But there is also something to which it is legitimate to give the name of dynamic relaxation. Dynamic relaxation is that state of the body and mind which is associated with normal and natural functioning. In the case of what I have called the fundamental or primary psycho-physical skills, normal and natural functioning of the organs involved may sometimes be lost. But having been lost, it may subsequently be consciously re-acquired by anyone who has learnt the suitable techniques. When it has been re-acquired, the strain associated with impaired functioning disappears and the organs involved do their work in a condition of dynamic relaxation.

Mal-functioning and strain tend to appear whenever the conscious “I” interferes with instinctively acquired habits of proper use, either by trying too hard to do well, or by feeling unduly anxious about possible mistakes. In the building up of any psycho-physical skill the conscious “I” must give orders, but not too many orders—must supervise the forming of habits of proper functioning, but without fuss and in a modest, self-denying way. The great truth discovered on the spiritual level by the masters of prayer, that “the more there is of the ‘I,’ the less there is of God,” has been discovered again and again on the physiological level by the masters of the various arts and skills.

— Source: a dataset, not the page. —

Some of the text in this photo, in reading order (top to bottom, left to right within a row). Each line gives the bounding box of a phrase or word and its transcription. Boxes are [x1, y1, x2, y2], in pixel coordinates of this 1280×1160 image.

The more there is of the “I,” the less there is of Nature—of the right and normal functioning of the organism. The part played by the conscious “I” in lowering resistance and preparing the body for disease has long been recognized by medical science. When it frets too much, or is frightened, or worries and grieves too long and too intensely, the conscious “I” may reduce its body to such a state that the poor thing will develop, for example, gastric ulcers, tuberculosis, coronary disease and a whole host of functional disorders of every kind and degree of seriousness. Even decay of the teeth has been shown, in the case of children, to be frequently correlated with emotional tensions experienced by the conscious “I.” That a function so intimately related to our psychological life as vision should remain unaffected by tensions having their origin in the conscious “I” is inconceivable.

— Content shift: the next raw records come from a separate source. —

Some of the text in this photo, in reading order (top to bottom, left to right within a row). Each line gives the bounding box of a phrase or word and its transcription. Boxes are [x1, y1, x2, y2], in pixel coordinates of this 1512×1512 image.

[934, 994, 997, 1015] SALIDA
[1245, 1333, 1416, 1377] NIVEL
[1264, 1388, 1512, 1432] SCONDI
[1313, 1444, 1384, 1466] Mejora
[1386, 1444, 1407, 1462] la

And, indeed, it is a matter of common experience that the power of seeing is greatly lowered by distressing emotional states. As one practises the techniques of visual education, one discovers the extent to which this same conscious “I” can interfere with the processes of seeing even at times when no distressing emotions are present. And it interferes, we discover, in exactly the same way as it interferes with the process of playing tennis, for example, or singing—by being too anxious to achieve the desired end. But in seeing, as in all other psycho-physical skills, the anxious effort to do well defeats its own object; for this anxiety produces psychological and physiological strains, and strain is incompatible with the proper means for achieving our end, namely normal and natural functioning.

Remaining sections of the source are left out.